There is so much truth in kids. I learn a lot listening to them. Good stories, Heather.

Thank you, Jacqui. Kids are better versions of us. Have a great weekend!

Sometimes it’s great to just listen to kids talk. The things they come up with…

Hi Liz, It sure is! often they can say the wisest things in the midst of their kid stuff. The best thing is to listen to kids talk to each other. Then you get twice the fun!

Great blogpost. Kids certainly do have a different perspective on the world and so refreshing to listen to their imaginative ideas. Your sixth grade teacher reminded me of Mrs. Beyer who read Charlotte’s Web to us every day after lunch. And we were in the 8th grade! We were enthralled by the story and would not allow her to skip that special story time. I had to read the ending to the class because Mrs. Beyer was too choked up to continue. In fact, because of her, I always read Charlotte’s Web to my third grade class every year. Still list it as one of my favorite books.
JQ Rose

Thank you, J.Q. I think there is something so special about seeing someone like a teacher be vulnerable. It’s almost a sacred experience that stays with kids their whole lives. Have an awesome day 🙂

I love both your Emily and your Miss Nikko stories, Heather. Both allowed you to see their hearts.
I can see Emily at the door to her room, checking you in. Did you have to pay? Could you get room service? If she’d carried on a few more years, she could have made a fortune!

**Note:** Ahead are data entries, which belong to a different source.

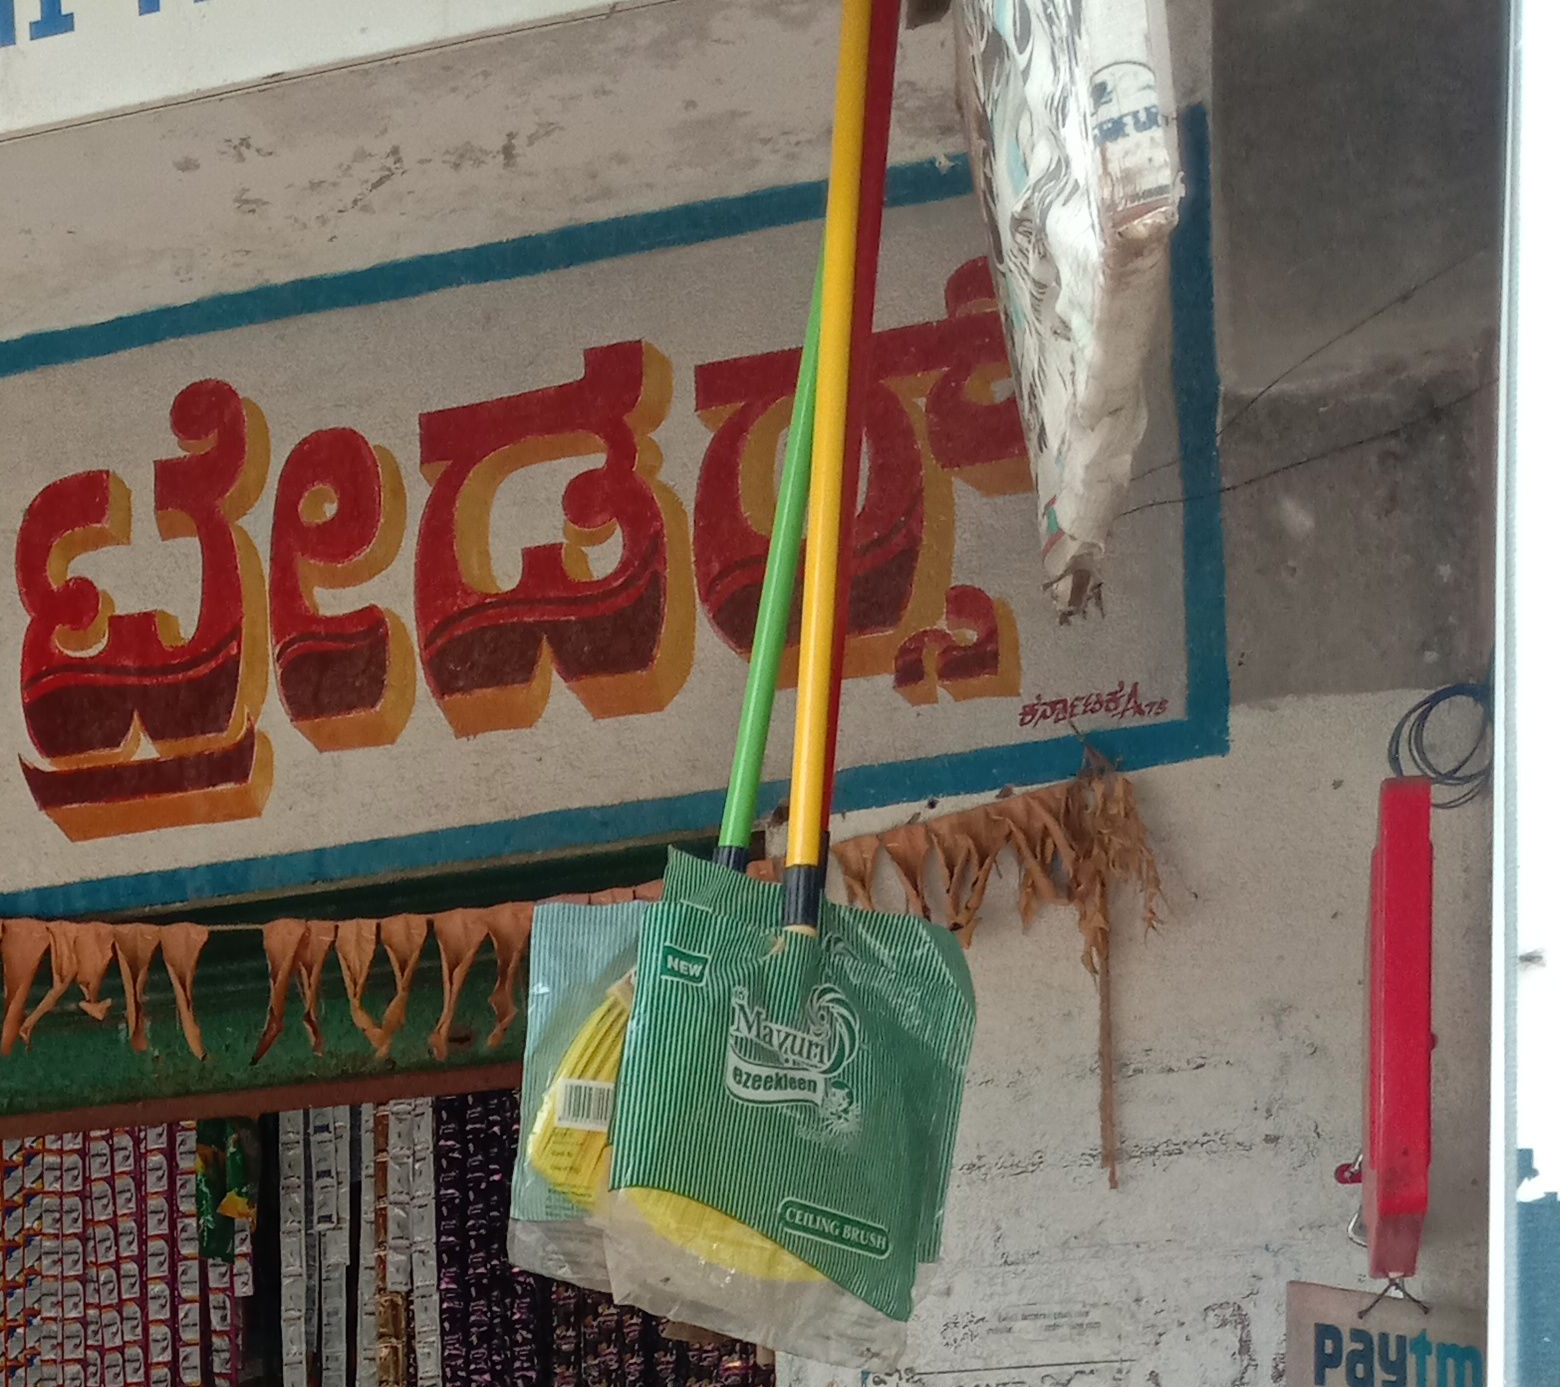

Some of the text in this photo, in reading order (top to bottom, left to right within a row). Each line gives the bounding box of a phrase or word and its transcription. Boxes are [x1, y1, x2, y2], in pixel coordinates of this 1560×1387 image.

[666, 954, 704, 979] NEW
[734, 1001, 827, 1067] Mayuri
[732, 1065, 819, 1094] ezeekleen
[785, 1206, 888, 1250] CEILING BRUSH
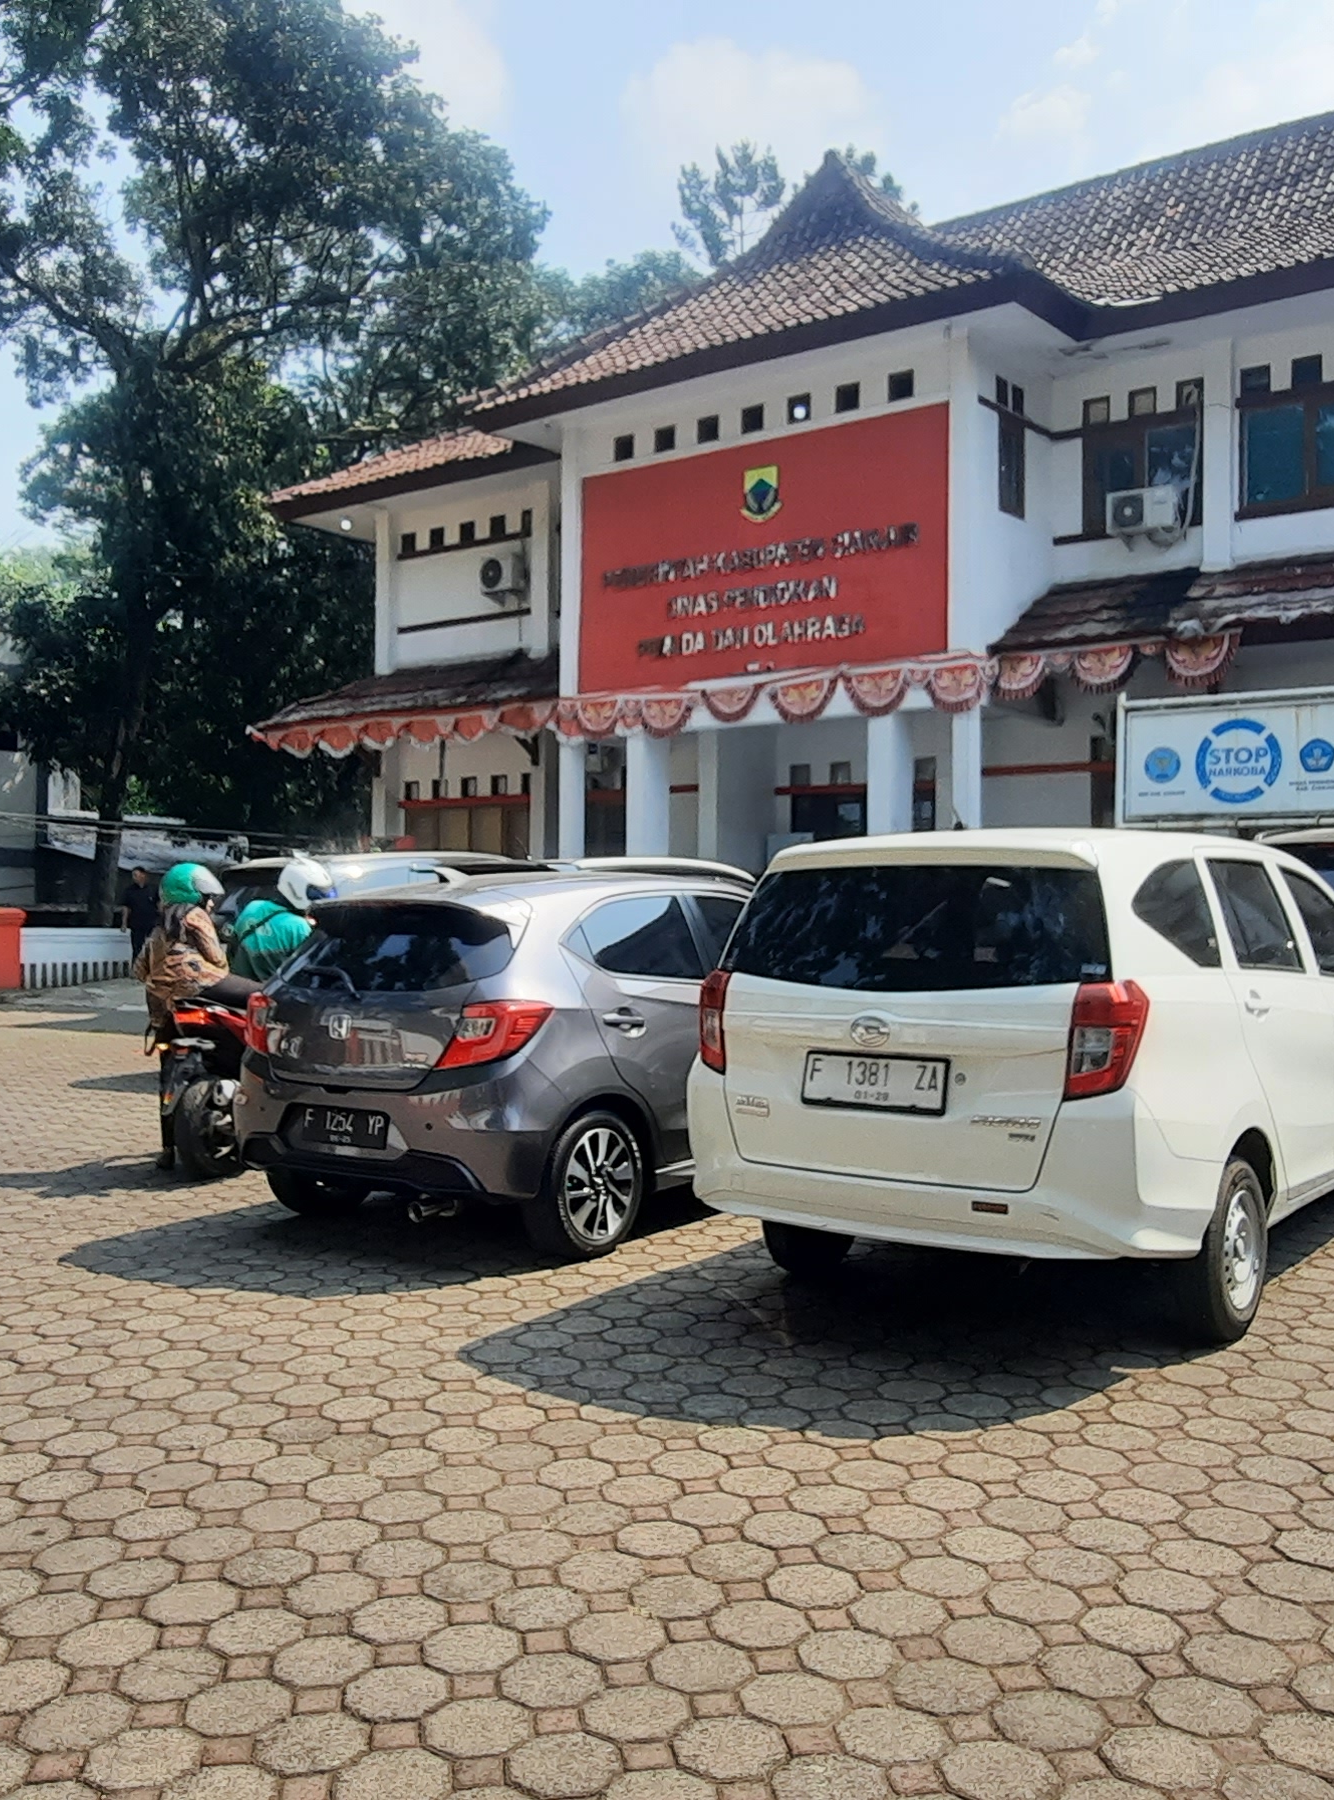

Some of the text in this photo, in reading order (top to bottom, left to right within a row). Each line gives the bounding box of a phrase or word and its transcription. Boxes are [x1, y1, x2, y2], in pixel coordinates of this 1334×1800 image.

[753, 613, 865, 648] OLAHRAGA
[1209, 746, 1269, 765] STOP
[809, 1057, 939, 1092] F 1381 ZA
[304, 1108, 385, 1136] F 1254 YP

Karen, you make me laugh. And you just reminded me of the time Emily sat at the end of our driveway with a box of rocks and tried selling them to the neighbors. Someone actually gave her $3. I guess she has always been a bit of an entrepreneur. Have a wonderful day!

It is so amazing to see the world through the eyes of children. Their imagination is so much fun to see.Weekends In Maine

Hi Karen, It sure is. I am often in awe of these little people with a lifetime of experiences ahead of them, like blank pages of a book, on which time will write a story. Have a great day!

I love the simplicity of childhood – they have imagination and they have play, and if we keep their world from being exposed to the ugliness of the world for as long as possible then they get to be children for that little bit longer. It’s funny you mentioned The Bridge to Terabithia – I’ve never read it or watched it because I hate sad endings (maybe I’m more childlike than I thought)

Leanne |
L for Love Yourself

Hi Leanne, Kids really are so innocent. They are our better selves, who we should emulate. It’s almost a little backward that They become more like us as they grow. Maybe we should try to be more like them. Have a wonderful day!